EXCERPTED RECORDS below:

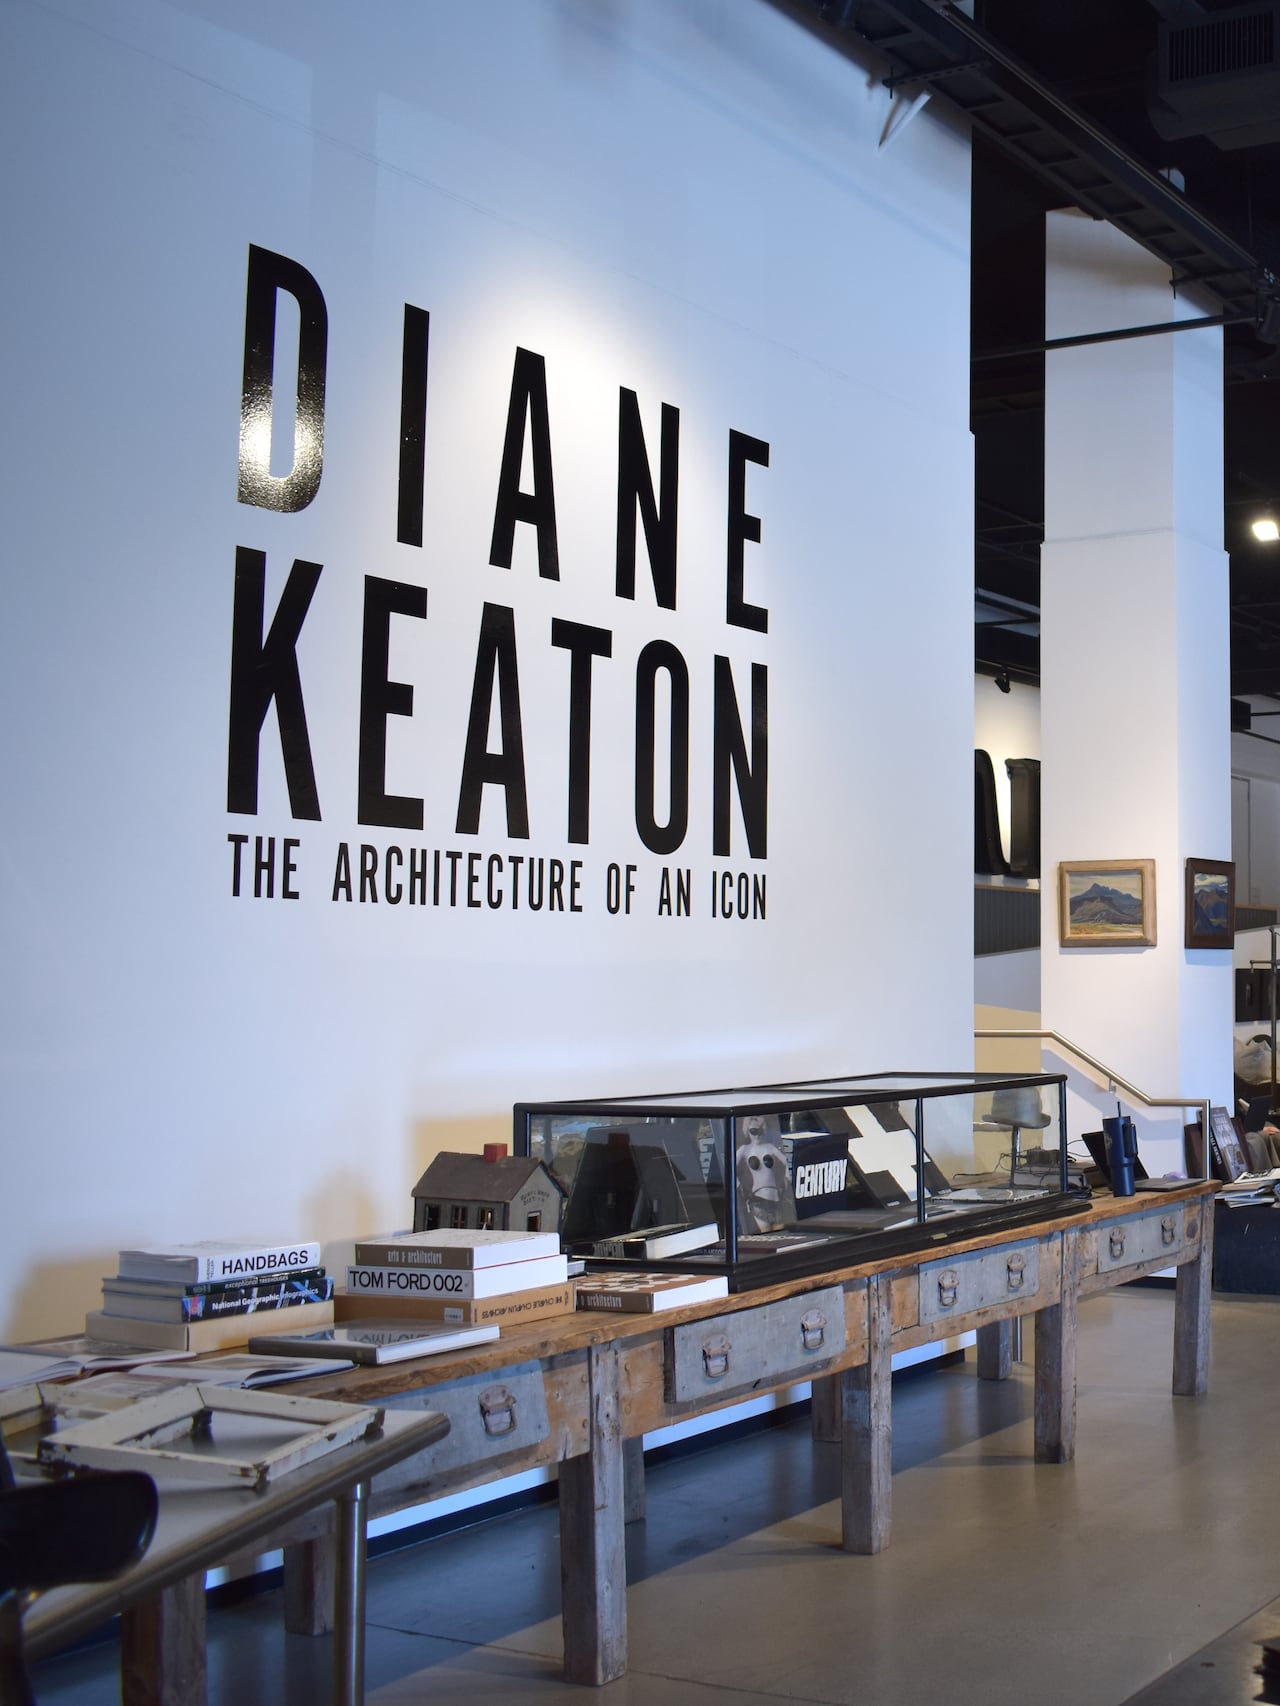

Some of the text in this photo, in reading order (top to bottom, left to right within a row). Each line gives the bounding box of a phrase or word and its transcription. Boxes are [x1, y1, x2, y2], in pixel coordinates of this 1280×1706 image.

[237, 242, 770, 635] DIANE
[227, 544, 768, 859] KEATON
[227, 833, 767, 920] THE ARCHITECTURE OF AN ICON
[795, 1158, 848, 1200] CENTURY
[222, 1250, 309, 1275] HANDBAGS
[349, 1270, 464, 1292] TOM FORD 002
[212, 1298, 241, 1310] National
[242, 1293, 279, 1307] Geographic
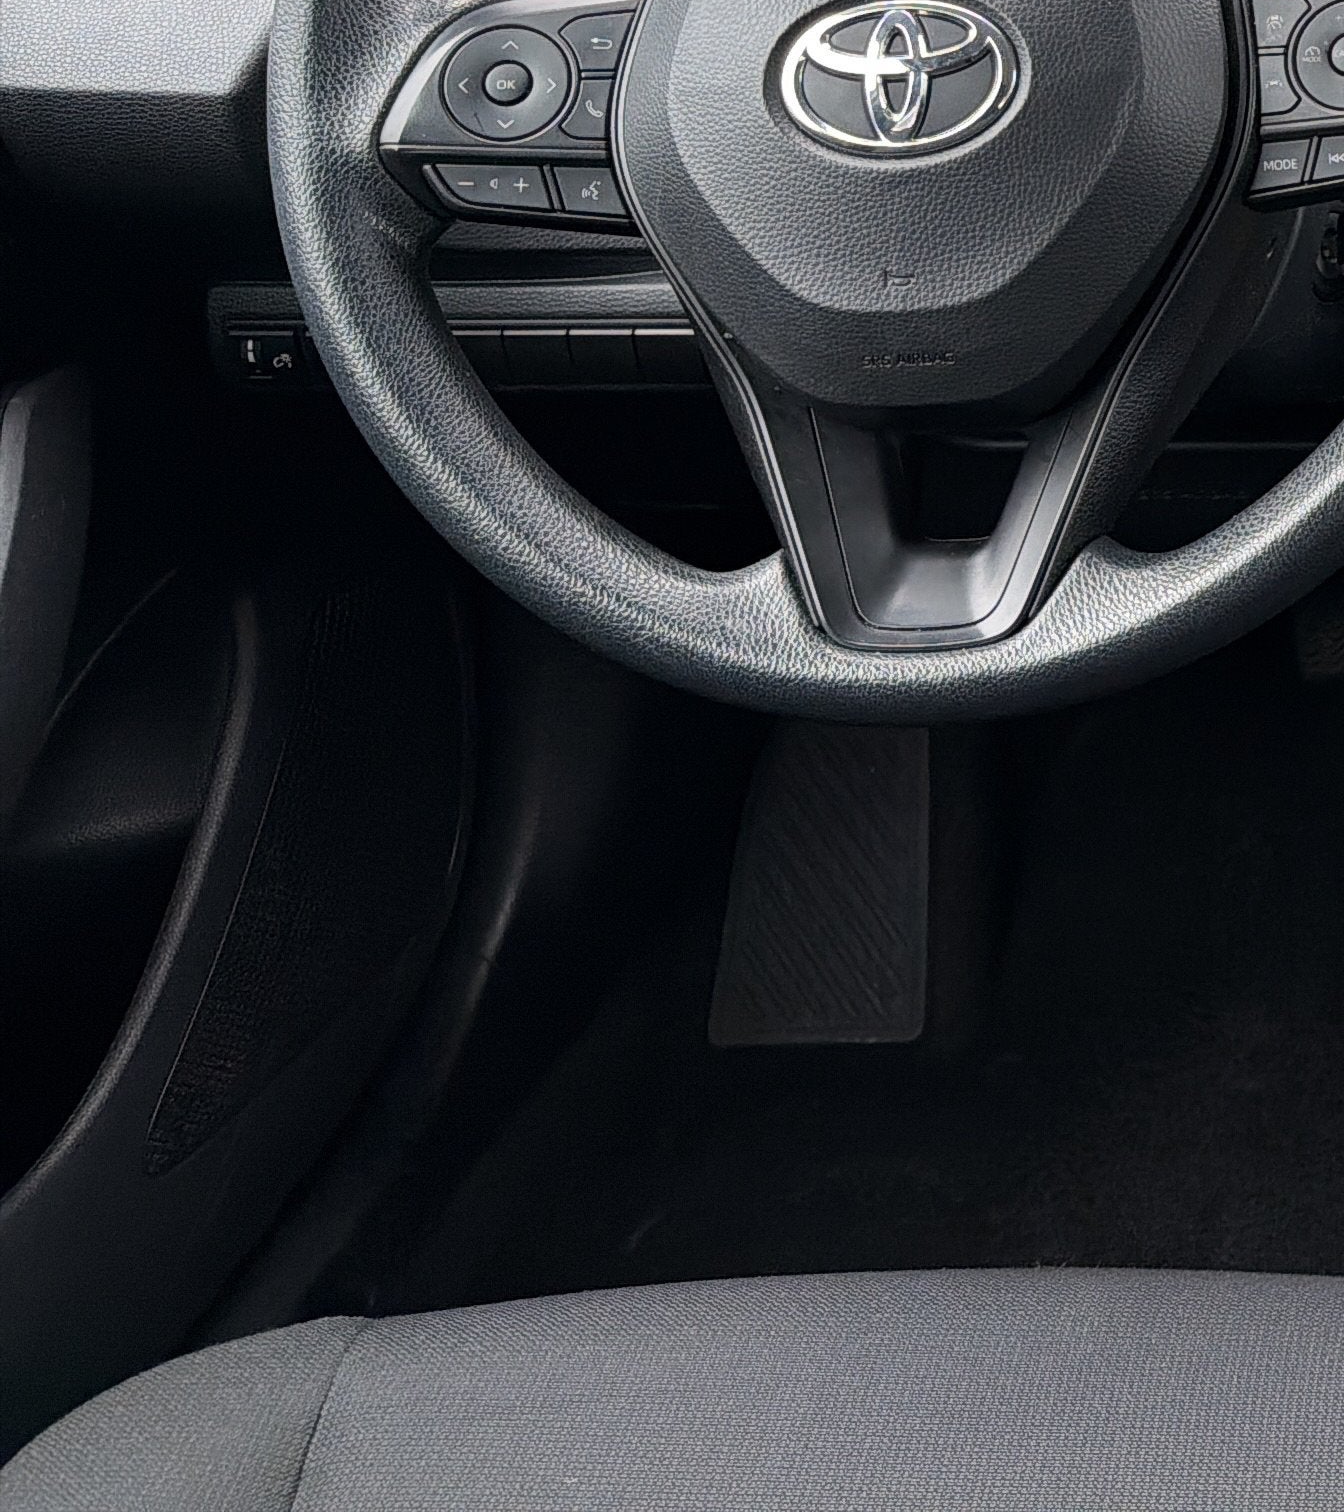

End of EXCERPTED RECORDS.

EXERCISE DETAILS: Please copy the data shown above, line by line and exactly, omitting the images.

TASK RESPONSE:
Some of the text in this photo, in reading order (top to bottom, left to right within a row). Each line gives the bounding box of a phrase or word and its transcription. Boxes are [x1, y1, x2, y2], in pixel coordinates of this 1280×1706 image.

[237, 242, 770, 635] DIANE
[227, 544, 768, 859] KEATON
[227, 833, 767, 920] THE ARCHITECTURE OF AN ICON
[795, 1158, 848, 1200] CENTURY
[222, 1250, 309, 1275] HANDBAGS
[349, 1270, 464, 1292] TOM FORD 002
[212, 1298, 241, 1310] National
[242, 1293, 279, 1307] Geographic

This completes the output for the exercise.